Yes, you can claim ESA or the health element of Universal Credit on the grounds of agoraphobia, but there is no automatic award for the diagnosis. The Work Capability Assessment looks at how your fear and avoidance of leaving home, crowds and public transport affect your ability to carry out 17 work-related activities. A successful claim depends on showing that you cannot get to and around an unfamiliar place, or cope with everyday social contact, reliably, repeatedly and safely.

How many WCA points can agoraphobia score?

Agoraphobia most often scores on getting about, coping with social engagement, coping with change and initiating personal action, and sometimes on navigation. You need 15 points in total across all 17 activities to be found to have Limited Capability for Work, and physical and mental points are added together. Only the single highest-scoring descriptor in each activity counts towards your total, so two or three activities scoring well can take you past the threshold.

How do I qualify for the Support Group with agoraphobia?

The Support Group, called LCWRA on Universal Credit, is separate from the 15-point test. You can reach it by meeting a Schedule 3 descriptor, by scoring 15 points on a single activity such as getting about, or through the substantial-risk rule if travelling to work or to a work-focused interview would put your mental health at substantial risk. A GP or mental health worker letter that spells out that risk in writing carries real weight with the decision maker.

How should I describe leaving the home on the ESA50 form?

Describe what you cannot do rather than naming the diagnosis, and frame it around an eight-hour working day, five days a week. Explain whether you can leave home at all, whether you need a familiar person with you, what happens when you try, how often panic stops you, and how unfamiliar places, crowds or public transport make it worse. The test is based on what you can do the majority of the time, so be clear if most days you cannot go out unaccompanied.

What does the reliability test mean for agoraphobia?

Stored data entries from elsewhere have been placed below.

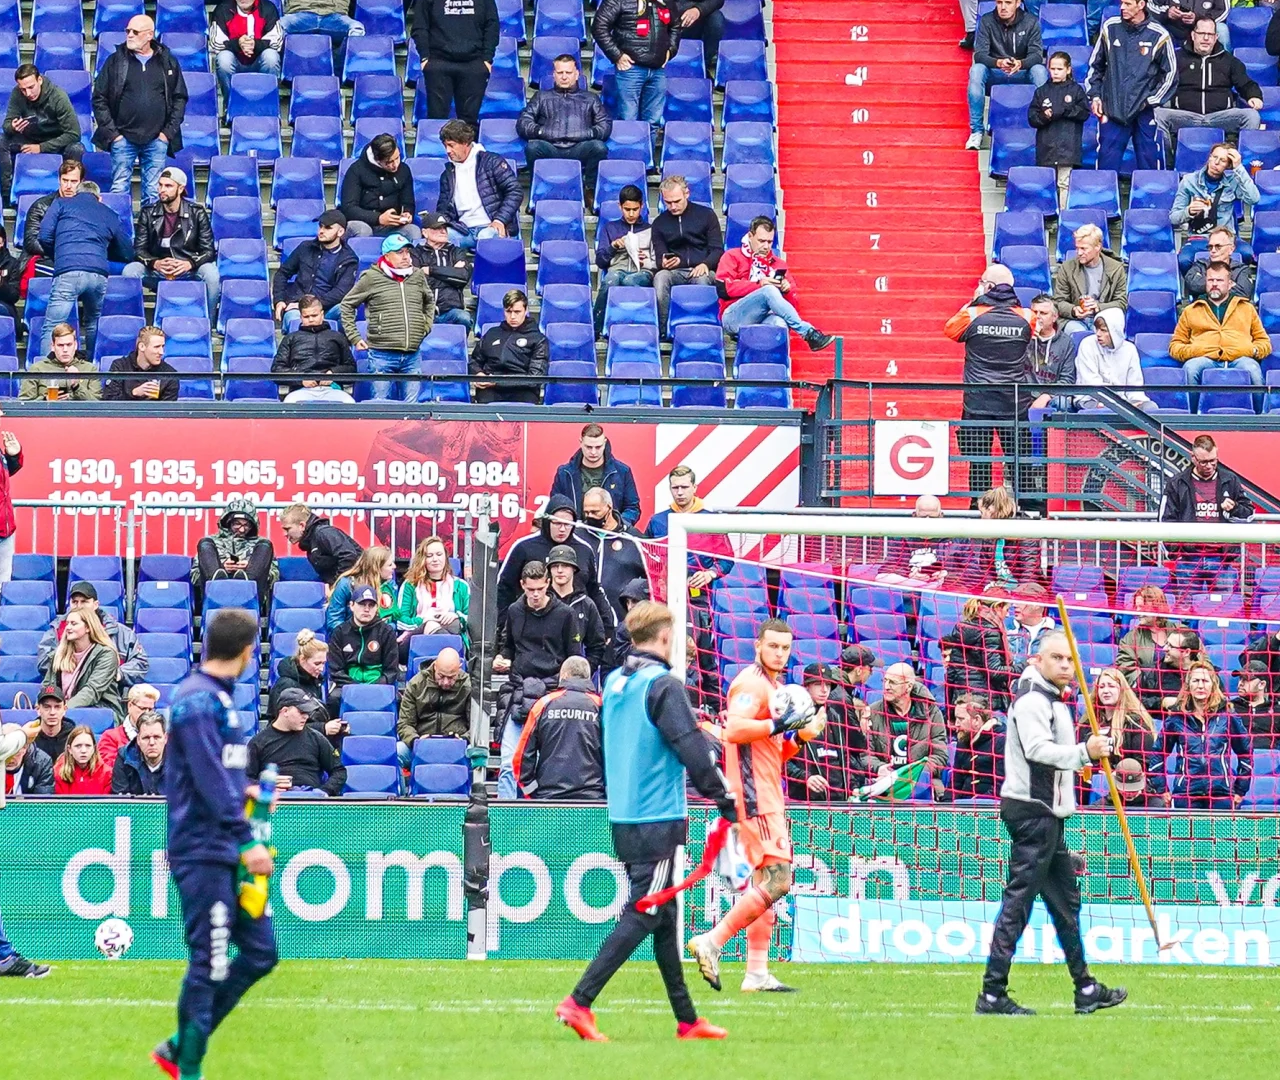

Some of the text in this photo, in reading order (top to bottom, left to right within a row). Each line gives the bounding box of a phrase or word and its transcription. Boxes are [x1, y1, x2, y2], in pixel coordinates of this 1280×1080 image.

[849, 25, 869, 42] 12
[851, 108, 869, 125] 10
[862, 150, 874, 167] 9
[866, 191, 879, 208] 8
[870, 233, 882, 250] 7
[880, 318, 892, 335] 5
[976, 322, 1024, 337] SECURITY
[885, 359, 898, 376] 4
[885, 400, 899, 418] 3
[889, 435, 934, 480] G
[49, 457, 519, 490] 1930, 1935, 1965, 1969, 1980, 1984
[546, 708, 600, 722] SECURITY
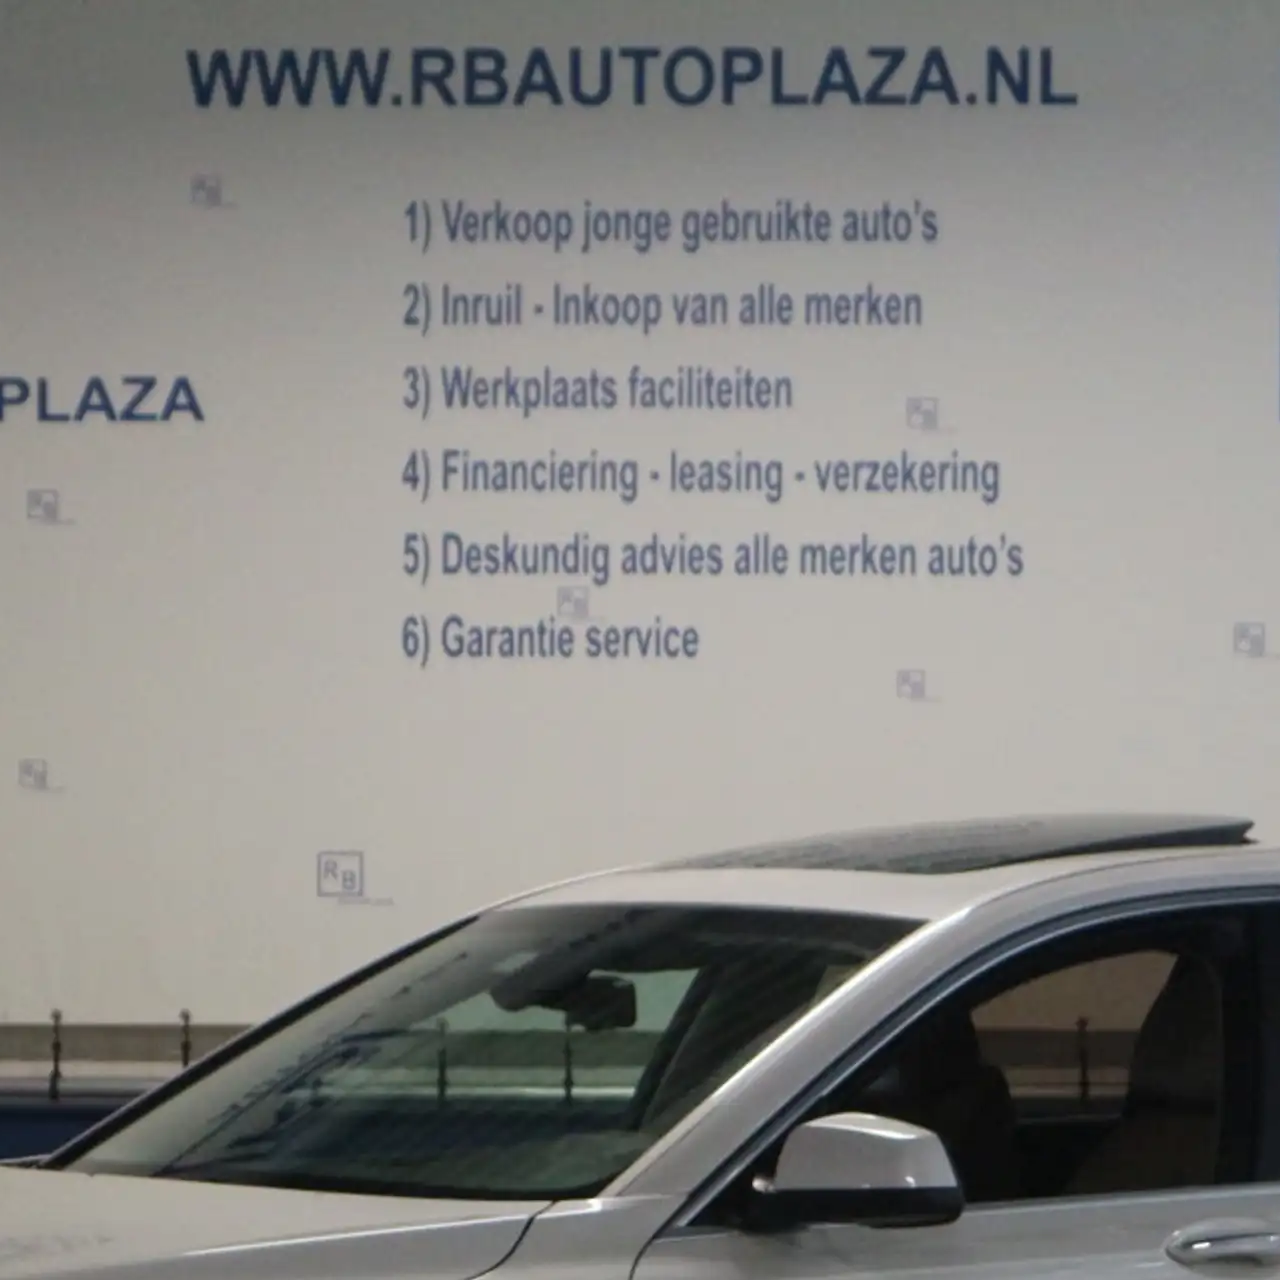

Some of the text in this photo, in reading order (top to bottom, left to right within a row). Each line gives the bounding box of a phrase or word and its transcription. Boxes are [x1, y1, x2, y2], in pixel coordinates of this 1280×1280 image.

[186, 46, 1078, 108] WWW.RBAUTOPLAZA.NL
[404, 199, 939, 254] 1) Verkoop jonge gebruikte auto's
[403, 282, 432, 337] 2)
[441, 282, 523, 326] Inruil
[553, 282, 662, 336] Inkoop
[672, 293, 728, 327] van
[739, 283, 794, 327] alle
[804, 282, 922, 327] merken
[403, 365, 793, 420] 3) Werkplaats faciliteiten
[402, 449, 431, 503] 4)
[442, 449, 638, 505] Financiering
[670, 449, 783, 504] leasing
[814, 449, 1000, 505] verzekering
[403, 532, 1025, 587] 5) Deskundig advies alle merken auto's
[402, 615, 699, 669] 6) Garantie service
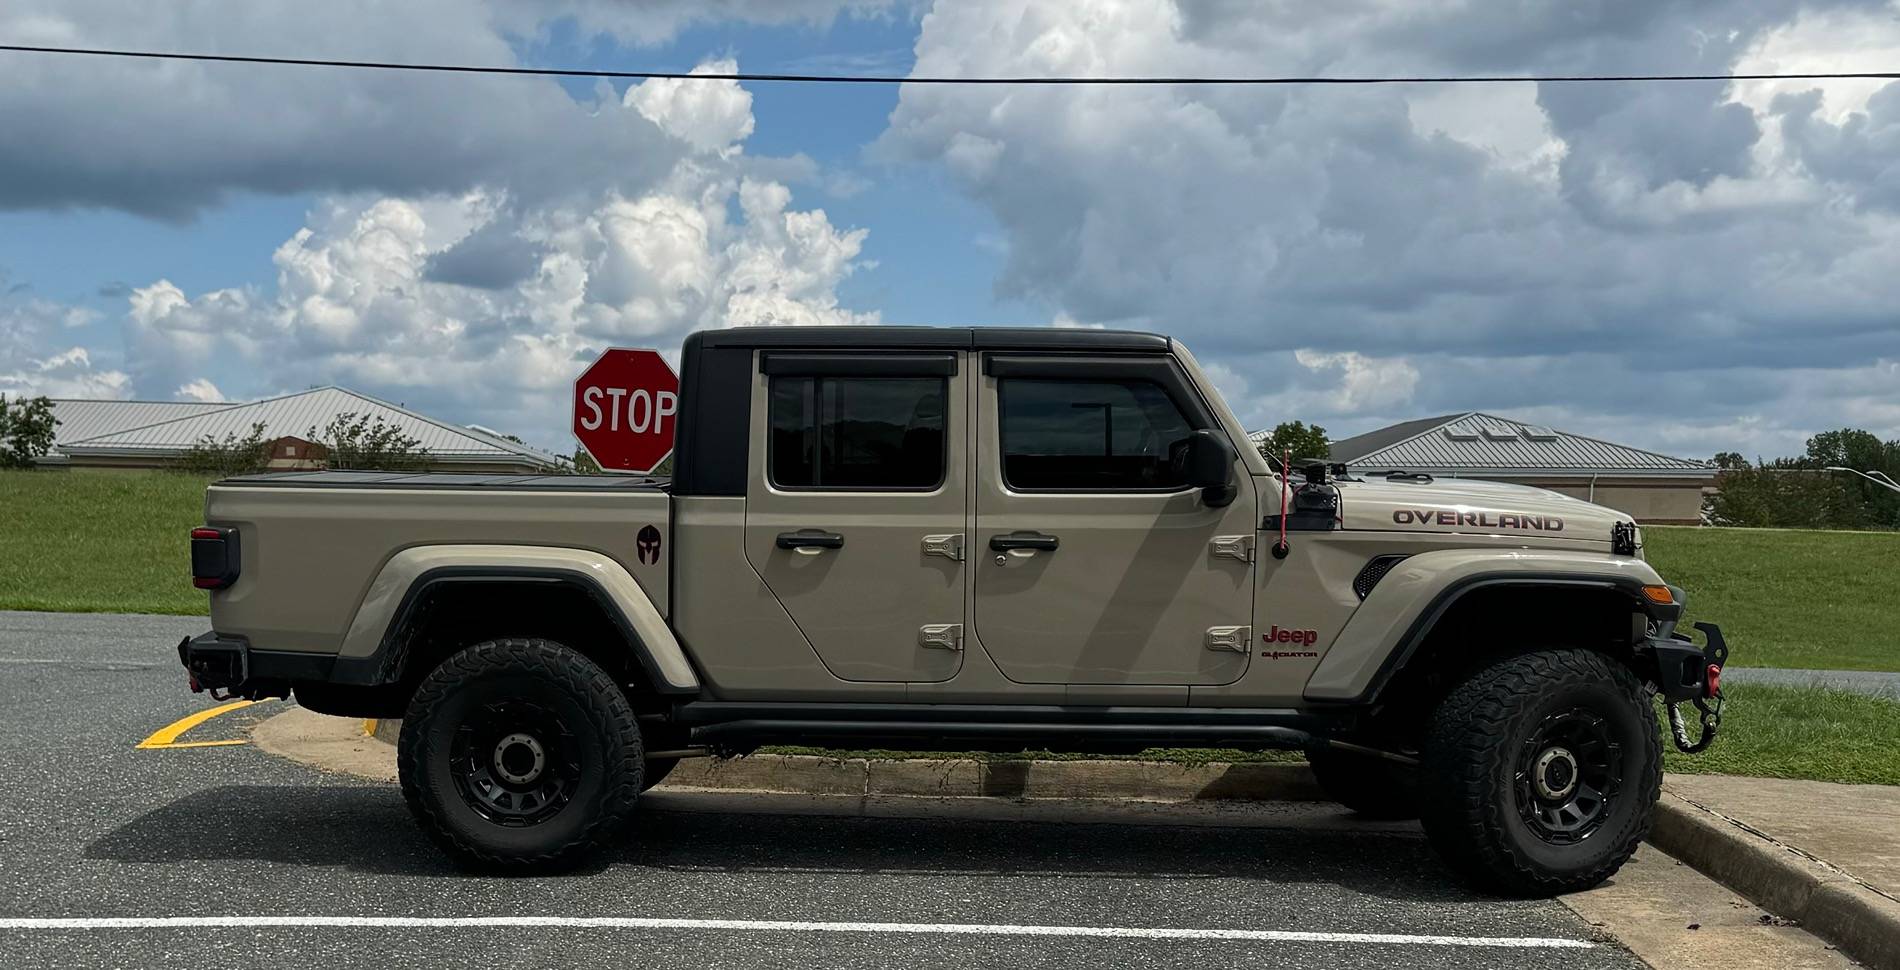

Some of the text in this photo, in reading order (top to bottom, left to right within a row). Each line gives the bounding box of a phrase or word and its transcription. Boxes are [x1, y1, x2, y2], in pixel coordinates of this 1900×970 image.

[580, 386, 678, 434] STOP
[1392, 509, 1564, 532] OVERLAND
[1262, 625, 1317, 646] Jeep
[1261, 651, 1318, 660] GLADIATOR
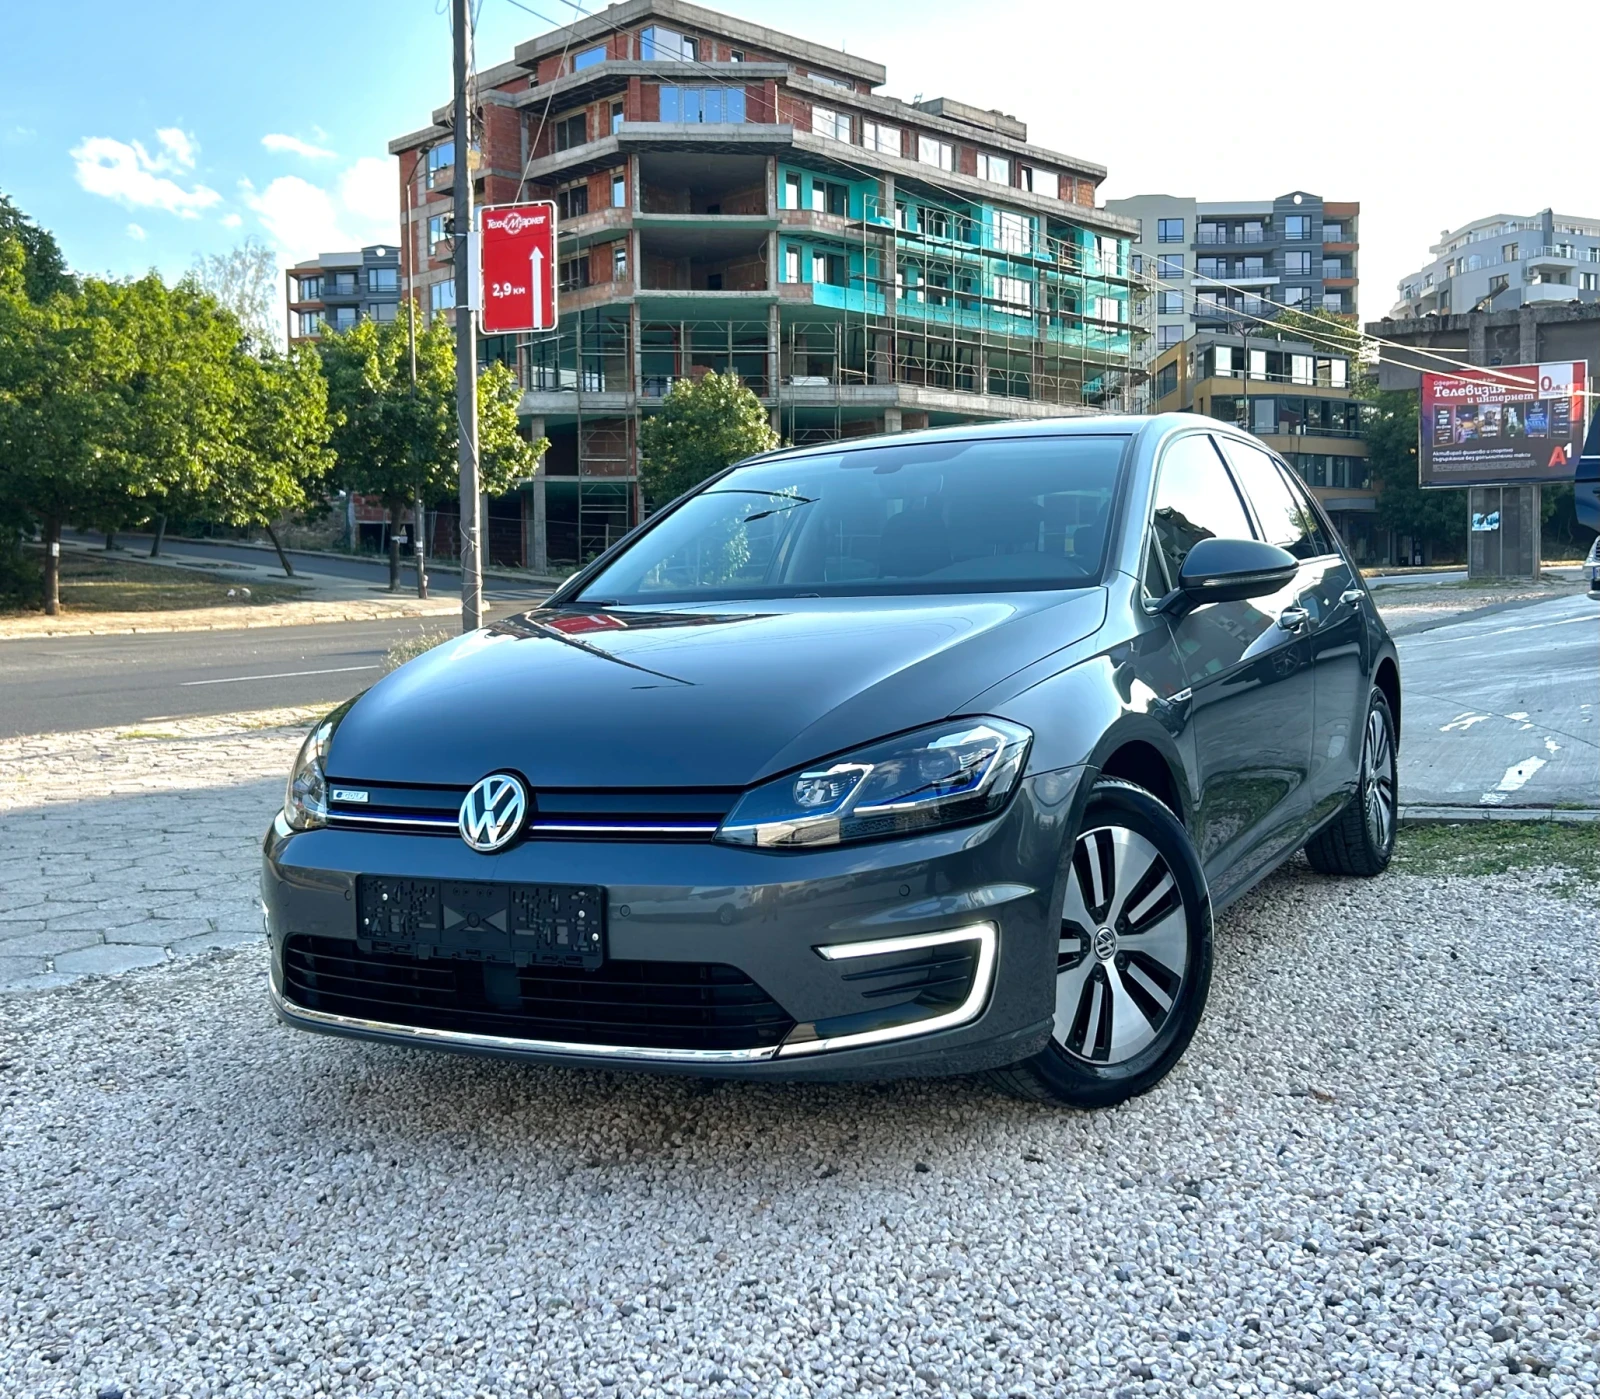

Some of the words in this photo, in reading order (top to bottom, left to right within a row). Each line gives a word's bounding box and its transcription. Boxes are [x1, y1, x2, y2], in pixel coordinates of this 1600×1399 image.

[492, 282, 512, 298] 2,9
[1433, 384, 1506, 398] Телевизия
[1476, 393, 1534, 403] интернет
[459, 774, 525, 851] VW

To be counted as able to do an activity you must be able to do it reliably, repeatedly, safely and within a reasonable time, for the majority of the time. Because agoraphobia varies, you should be assessed on your typical bad days, not your rare good ones. If you can only leave home occasionally, need someone with you, or a single trip leaves you unable to go out again for days, you should be treated as unable to do it.

What evidence helps an agoraphobia ESA claim?

Useful evidence includes GP records and mental health letters that link your agoraphobia to specific work-related limitations, prescription records for any medication, records of cancelled or home appointments, fit notes, and a personal diary tracking how often you can and cannot leave home. Ask your GP or community mental health team to describe the functional impact on getting about and coping with social contact, rather than simply confirming the diagnosis.

Can I have the WCA assessment at home or by phone for agoraphobia?

Yes. If travelling to an assessment centre would be very difficult or harmful, you can ask for a telephone or video assessment, or a home visit. Put the request in writing with supporting evidence from your GP. Importantly, needing a home or phone assessment is itself useful evidence, because it shows the decision maker that you cannot reliably get to an unfamiliar place, which is the heart of the getting about activity.